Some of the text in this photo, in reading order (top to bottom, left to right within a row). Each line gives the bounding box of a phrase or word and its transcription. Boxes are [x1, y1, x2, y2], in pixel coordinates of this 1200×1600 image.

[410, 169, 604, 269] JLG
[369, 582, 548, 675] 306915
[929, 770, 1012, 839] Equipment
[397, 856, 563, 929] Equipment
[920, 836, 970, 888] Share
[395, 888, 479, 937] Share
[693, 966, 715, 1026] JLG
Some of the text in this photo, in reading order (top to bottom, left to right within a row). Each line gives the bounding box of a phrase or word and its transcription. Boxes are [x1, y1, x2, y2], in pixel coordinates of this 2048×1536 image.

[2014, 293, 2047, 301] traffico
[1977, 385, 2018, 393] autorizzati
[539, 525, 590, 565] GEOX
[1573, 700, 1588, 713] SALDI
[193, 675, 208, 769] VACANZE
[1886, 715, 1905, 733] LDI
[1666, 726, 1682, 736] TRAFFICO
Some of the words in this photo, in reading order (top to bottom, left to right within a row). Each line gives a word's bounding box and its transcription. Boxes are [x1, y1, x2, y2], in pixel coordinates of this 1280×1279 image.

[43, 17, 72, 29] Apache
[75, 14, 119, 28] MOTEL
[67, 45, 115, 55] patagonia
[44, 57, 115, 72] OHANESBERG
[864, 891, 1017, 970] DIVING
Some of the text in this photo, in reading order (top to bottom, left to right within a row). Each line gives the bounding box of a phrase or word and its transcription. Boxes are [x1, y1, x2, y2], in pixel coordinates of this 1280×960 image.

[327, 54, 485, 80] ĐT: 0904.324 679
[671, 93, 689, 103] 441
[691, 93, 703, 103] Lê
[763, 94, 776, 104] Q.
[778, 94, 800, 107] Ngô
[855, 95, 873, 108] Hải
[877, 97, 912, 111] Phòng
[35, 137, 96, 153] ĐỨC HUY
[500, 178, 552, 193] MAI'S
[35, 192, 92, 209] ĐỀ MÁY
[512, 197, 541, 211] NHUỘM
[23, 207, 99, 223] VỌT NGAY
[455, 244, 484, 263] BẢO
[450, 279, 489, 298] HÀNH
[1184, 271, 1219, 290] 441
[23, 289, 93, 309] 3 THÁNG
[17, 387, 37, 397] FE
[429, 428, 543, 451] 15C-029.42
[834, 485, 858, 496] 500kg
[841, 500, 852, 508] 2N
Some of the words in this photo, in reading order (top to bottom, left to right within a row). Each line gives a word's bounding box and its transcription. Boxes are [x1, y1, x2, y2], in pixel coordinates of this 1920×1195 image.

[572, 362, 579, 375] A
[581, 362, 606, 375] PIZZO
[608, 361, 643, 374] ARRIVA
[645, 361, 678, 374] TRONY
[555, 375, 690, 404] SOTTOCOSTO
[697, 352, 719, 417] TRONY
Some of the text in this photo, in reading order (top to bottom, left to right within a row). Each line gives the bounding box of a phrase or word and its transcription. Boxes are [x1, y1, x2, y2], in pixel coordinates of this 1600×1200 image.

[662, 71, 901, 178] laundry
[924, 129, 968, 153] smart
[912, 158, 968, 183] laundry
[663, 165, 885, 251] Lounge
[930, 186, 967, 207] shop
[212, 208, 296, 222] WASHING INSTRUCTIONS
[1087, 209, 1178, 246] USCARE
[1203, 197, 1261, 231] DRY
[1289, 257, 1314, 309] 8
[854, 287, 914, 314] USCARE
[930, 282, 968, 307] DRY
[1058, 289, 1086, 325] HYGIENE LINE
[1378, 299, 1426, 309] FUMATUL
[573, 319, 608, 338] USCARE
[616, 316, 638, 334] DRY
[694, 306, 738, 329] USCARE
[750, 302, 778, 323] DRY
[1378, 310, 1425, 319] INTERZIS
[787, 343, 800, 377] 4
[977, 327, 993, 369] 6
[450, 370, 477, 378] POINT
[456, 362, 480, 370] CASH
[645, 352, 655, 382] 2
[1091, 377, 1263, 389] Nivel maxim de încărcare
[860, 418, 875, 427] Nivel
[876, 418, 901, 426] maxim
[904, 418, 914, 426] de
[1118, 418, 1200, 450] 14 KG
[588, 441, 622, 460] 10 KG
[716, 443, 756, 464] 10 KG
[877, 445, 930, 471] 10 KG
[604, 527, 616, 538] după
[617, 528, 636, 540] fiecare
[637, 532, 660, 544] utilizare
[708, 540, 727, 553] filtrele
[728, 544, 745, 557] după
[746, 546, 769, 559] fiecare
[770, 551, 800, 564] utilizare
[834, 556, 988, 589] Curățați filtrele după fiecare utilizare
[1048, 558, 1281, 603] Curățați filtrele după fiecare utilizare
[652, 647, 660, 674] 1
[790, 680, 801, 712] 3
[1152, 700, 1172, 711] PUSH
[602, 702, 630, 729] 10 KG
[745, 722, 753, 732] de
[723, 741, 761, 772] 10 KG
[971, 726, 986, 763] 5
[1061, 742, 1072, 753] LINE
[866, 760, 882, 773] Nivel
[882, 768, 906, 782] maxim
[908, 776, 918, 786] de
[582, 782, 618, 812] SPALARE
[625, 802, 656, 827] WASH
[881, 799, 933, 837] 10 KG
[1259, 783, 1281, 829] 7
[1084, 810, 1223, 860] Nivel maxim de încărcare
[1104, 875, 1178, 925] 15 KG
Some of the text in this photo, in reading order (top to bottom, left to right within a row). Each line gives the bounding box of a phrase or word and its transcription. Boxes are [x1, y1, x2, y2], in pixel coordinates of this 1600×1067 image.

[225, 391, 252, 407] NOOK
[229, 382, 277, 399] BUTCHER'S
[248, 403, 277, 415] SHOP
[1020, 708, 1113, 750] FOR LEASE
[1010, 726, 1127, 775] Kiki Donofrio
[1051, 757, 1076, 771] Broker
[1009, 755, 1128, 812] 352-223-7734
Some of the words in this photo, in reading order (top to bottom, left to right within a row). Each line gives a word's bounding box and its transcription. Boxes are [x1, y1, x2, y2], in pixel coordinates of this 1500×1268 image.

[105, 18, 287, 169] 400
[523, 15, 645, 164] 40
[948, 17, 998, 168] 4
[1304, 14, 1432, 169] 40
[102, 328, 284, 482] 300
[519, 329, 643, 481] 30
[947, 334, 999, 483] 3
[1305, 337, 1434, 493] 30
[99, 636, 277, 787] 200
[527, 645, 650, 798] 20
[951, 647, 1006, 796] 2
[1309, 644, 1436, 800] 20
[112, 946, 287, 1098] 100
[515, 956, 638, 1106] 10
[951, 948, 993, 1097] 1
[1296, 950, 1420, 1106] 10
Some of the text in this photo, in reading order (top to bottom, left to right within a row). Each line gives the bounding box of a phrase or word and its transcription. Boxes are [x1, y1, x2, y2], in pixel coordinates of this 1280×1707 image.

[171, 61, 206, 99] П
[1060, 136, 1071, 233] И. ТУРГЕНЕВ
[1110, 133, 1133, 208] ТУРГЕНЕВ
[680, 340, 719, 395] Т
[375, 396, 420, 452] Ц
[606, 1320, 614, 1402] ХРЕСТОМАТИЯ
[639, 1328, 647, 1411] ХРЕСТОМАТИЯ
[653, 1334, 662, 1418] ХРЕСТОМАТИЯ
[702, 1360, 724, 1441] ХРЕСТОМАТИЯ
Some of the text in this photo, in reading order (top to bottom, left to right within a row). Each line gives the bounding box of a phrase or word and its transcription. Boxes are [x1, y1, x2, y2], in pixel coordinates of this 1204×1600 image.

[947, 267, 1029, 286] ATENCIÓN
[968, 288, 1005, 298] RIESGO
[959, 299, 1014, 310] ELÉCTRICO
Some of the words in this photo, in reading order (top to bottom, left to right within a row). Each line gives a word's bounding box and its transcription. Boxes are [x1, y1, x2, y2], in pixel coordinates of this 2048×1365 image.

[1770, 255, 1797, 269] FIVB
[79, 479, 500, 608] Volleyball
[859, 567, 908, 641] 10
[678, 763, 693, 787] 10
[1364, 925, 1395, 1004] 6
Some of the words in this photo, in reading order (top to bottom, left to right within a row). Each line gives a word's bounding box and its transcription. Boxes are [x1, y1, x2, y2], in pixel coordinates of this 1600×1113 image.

→ Exercise prompt:
Your response should be the exact lines running from the one with "this 1500×1268 image." to the final line of the material above.

→ Reply to the exercise:
Some of the words in this photo, in reading order (top to bottom, left to right within a row). Each line gives a word's bounding box and its transcription. Boxes are [x1, y1, x2, y2], in pixel coordinates of this 1500×1268 image.

[105, 18, 287, 169] 400
[523, 15, 645, 164] 40
[948, 17, 998, 168] 4
[1304, 14, 1432, 169] 40
[102, 328, 284, 482] 300
[519, 329, 643, 481] 30
[947, 334, 999, 483] 3
[1305, 337, 1434, 493] 30
[99, 636, 277, 787] 200
[527, 645, 650, 798] 20
[951, 647, 1006, 796] 2
[1309, 644, 1436, 800] 20
[112, 946, 287, 1098] 100
[515, 956, 638, 1106] 10
[951, 948, 993, 1097] 1
[1296, 950, 1420, 1106] 10
Some of the text in this photo, in reading order (top to bottom, left to right within a row). Each line gives the bounding box of a phrase or word and its transcription. Boxes are [x1, y1, x2, y2], in pixel coordinates of this 1280×1707 image.

[171, 61, 206, 99] П
[1060, 136, 1071, 233] И. ТУРГЕНЕВ
[1110, 133, 1133, 208] ТУРГЕНЕВ
[680, 340, 719, 395] Т
[375, 396, 420, 452] Ц
[606, 1320, 614, 1402] ХРЕСТОМАТИЯ
[639, 1328, 647, 1411] ХРЕСТОМАТИЯ
[653, 1334, 662, 1418] ХРЕСТОМАТИЯ
[702, 1360, 724, 1441] ХРЕСТОМАТИЯ
Some of the text in this photo, in reading order (top to bottom, left to right within a row). Each line gives the bounding box of a phrase or word and its transcription. Boxes are [x1, y1, x2, y2], in pixel coordinates of this 1204×1600 image.

[947, 267, 1029, 286] ATENCIÓN
[968, 288, 1005, 298] RIESGO
[959, 299, 1014, 310] ELÉCTRICO
Some of the words in this photo, in reading order (top to bottom, left to right within a row). Each line gives a word's bounding box and its transcription. Boxes are [x1, y1, x2, y2], in pixel coordinates of this 2048×1365 image.

[1770, 255, 1797, 269] FIVB
[79, 479, 500, 608] Volleyball
[859, 567, 908, 641] 10
[678, 763, 693, 787] 10
[1364, 925, 1395, 1004] 6
Some of the words in this photo, in reading order (top to bottom, left to right within a row). Each line gives a word's bounding box and its transcription. Boxes are [x1, y1, x2, y2], in pixel coordinates of this 1600×1113 image.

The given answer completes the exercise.